Our brains create our experience/perception of reality outside of our conscious awareness. The problem is that our minds can't distinguish between the helpful assumptions and those that are not-so helpful. The unfortunate truth is that in our brains thinking that helps us survive can override thinking that makes sense, which can keep us clinging tightly to our less-than-helpful behavior patterns.
If you have healthy relationships with friends, family, and coworkers, a sense of creativity, and are living up to your potential, you are probably already leveraging the power of your strong social connections to absorb the ups and downs that a normal life brings. But when our social connections are damaged or missing, therapy can help.

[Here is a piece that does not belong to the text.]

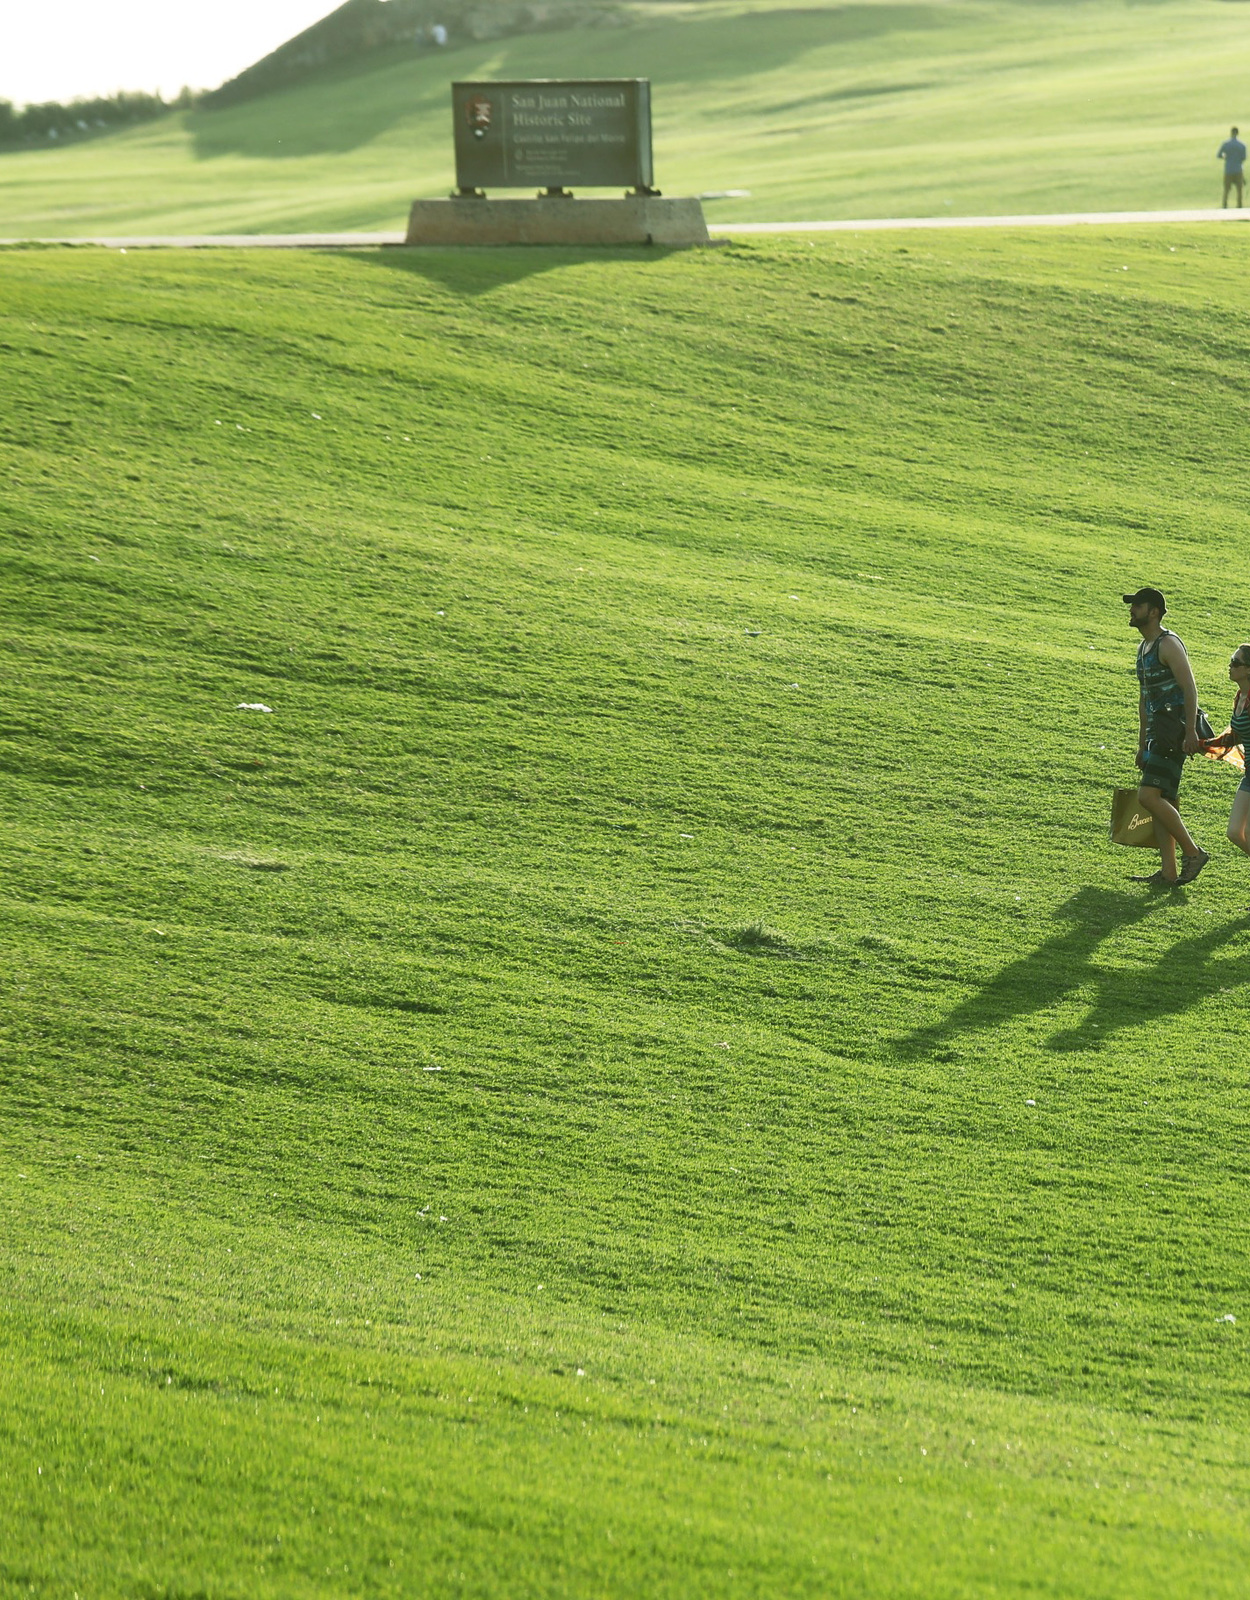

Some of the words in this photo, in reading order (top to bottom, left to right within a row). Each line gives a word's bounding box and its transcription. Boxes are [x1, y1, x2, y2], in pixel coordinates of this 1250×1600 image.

Humans are social creatures. Keeping our stories to ourselves means we close our connection to others and impede the ability to make meaning from our experiences. Turning our feelings into words and experiences into stories also helps us create meaning from a chaotic world and gives us the agency to create change in our lives.
The short answer is that it takes as long as it takes. We all want to take a magic pill and make our problems gone yesterday, but they didn't appear overnight and they won't magically disappear. Read this post to make the most of your time in session.
- Find the right therapist
Abundant research shows that the most important factor for a successful outcome in therapy is the relationship between you and your therapist.
- Be Honest
Keeping secrets from your therapist prolongs and unnecessarily complicates the therapy process. Opening those thoughts and feelings for discussion with your therapist could lead to a breakthrough.
- Show up. Consistently.
Now that you've made a commitment towards therapy, show up as fully as you can. When therapy feels challenging, it can be easy to check out mentally, show up late, or find excuses to skip sessions. A better approach is to open a discussion with your therapist about these feelings.